To detect genes whose expression correlate (positively or negatively) with the cell’s cVSMC network score (summarised expression of ME1, see above), we employed an approach taken for trajectory association analysis in the Bioconductor R package monocle63, with some modifications. First, we estimated the mean-variance relationship based on all genes by fitting a robust local regression to the log-mean normalised counts versus log-squared coefficient of variation (log-SCV) using the loess function in R (family = ”symmetric”). The dependence of normalised expression counts for a given gene and cell on the cell’s distance along the PC1 axis dt was then assessed by negative binomial (NB) regression implemented in the R package VGAM64 v1.0-5, whereby the size parameter of the corresponding NB distribution was assumed to be the inverse fitted SCV obtained as described above. The significance of the regression fit was assessed by the likelihood-ratio test versus the intercept-only model and the resulting p-values were adjusted for multiple testing using the Benjamini-Hochberg procedure. Genes showing adjusted p-values below 0.05 were selected for further analysis.

### Analysis of the 10X Chromium single-cell RNA-seq data

Raw sequencing reads were processed and aligned to the GRCm38 mouse genome through the 10X Genomics cellranger pipeline (v2.0 for VSMC-derived plaque cells and v2.1 for whole aorta cells and VSMC-lineage cells from healthy vessels). Quality control was performed based on total number of UMI counts per cell (atherosclerotic plaque dataset >5000 and <20,000, whole aorta/lineage-positive medial cells >1000 and <8000 UMI counts), genes detected per cell (atherosclerotic plaque dataset >1000 and <5000, whole aorta/lineage-positive medial cells >500 and <2500) and percentage of mitochondrial reads per cell (atherosclerotic plaque dataset <9%, whole aorta/lineage-positive medial cells <8%). Reads from cells passing the quality control criteria were normalised and scaled using the NormalizeData (scale.factor = 10,000) and ScaleData functions from the CRAN R package Seurat65 v2.3.1. Principal component analysis was performed and the first five principal components used for clustering and t-distributed Stochastic Neighbour Embedding (t-SNE)66 visualisation using the Seurat package. Differential gene expression between clusters was determined using the “tobit” method of the FindMarkers function implemented in Seurat (padj < 0.05). For identification of genes upregulated in individual VSMC clusters in the analysis of cells from the whole aorta, minimum log fold change of 0.25 and minimum percentage of expressing cells of 25% were required for identification as an upregulated gene.

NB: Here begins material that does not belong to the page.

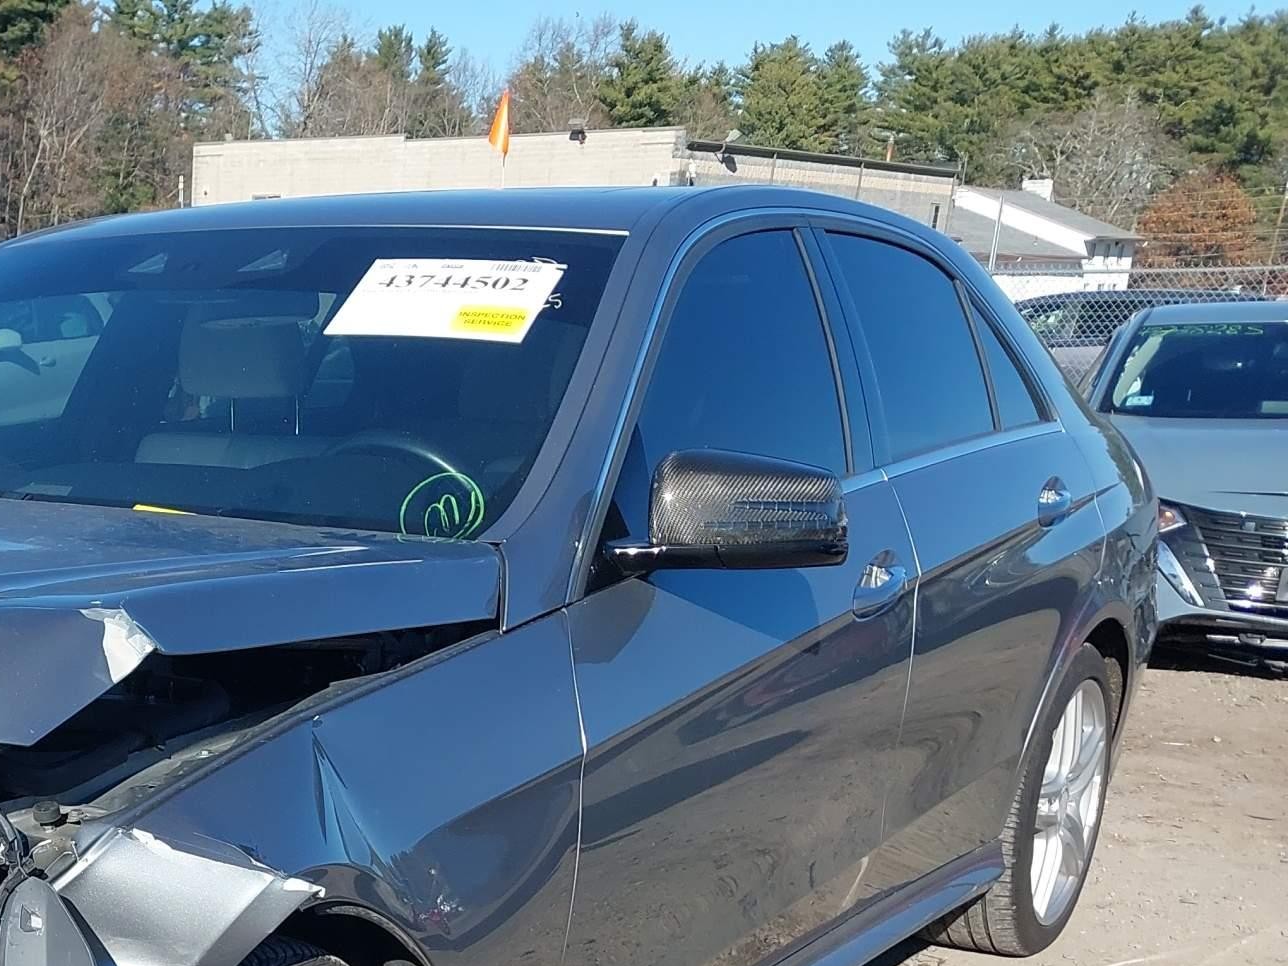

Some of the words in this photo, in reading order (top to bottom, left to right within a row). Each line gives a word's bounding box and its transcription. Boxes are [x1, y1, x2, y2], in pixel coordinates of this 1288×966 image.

[378, 274, 530, 291] 43744502
[458, 311, 526, 321] INSPECTION
[463, 318, 513, 327] SERVICE

### Gene ontology analysis

Gene ontology (GO) analysis of genes differentially expressed between AA and DT cells was carried out using the online Functional Annotation Clustering tool in The Database for Annotation, Visualisation and Integrated Discovery (DAVID67 v6.8) for all Biological Processes (BP) terms against all Mus musculus genes with medium classification stringency. Clusters were ranked by enrichment and fdr-adjusted p-values for the most significant term listed. GO enrichment analysis of genes positively and negatively correlated with cVSMC network expression was performed based on BP terms using clusterProfiler68 package in R v3.8.1. KEGG pathways40 in Supplementary Fig. 8 were visualised using the R package pathview69 v1.20.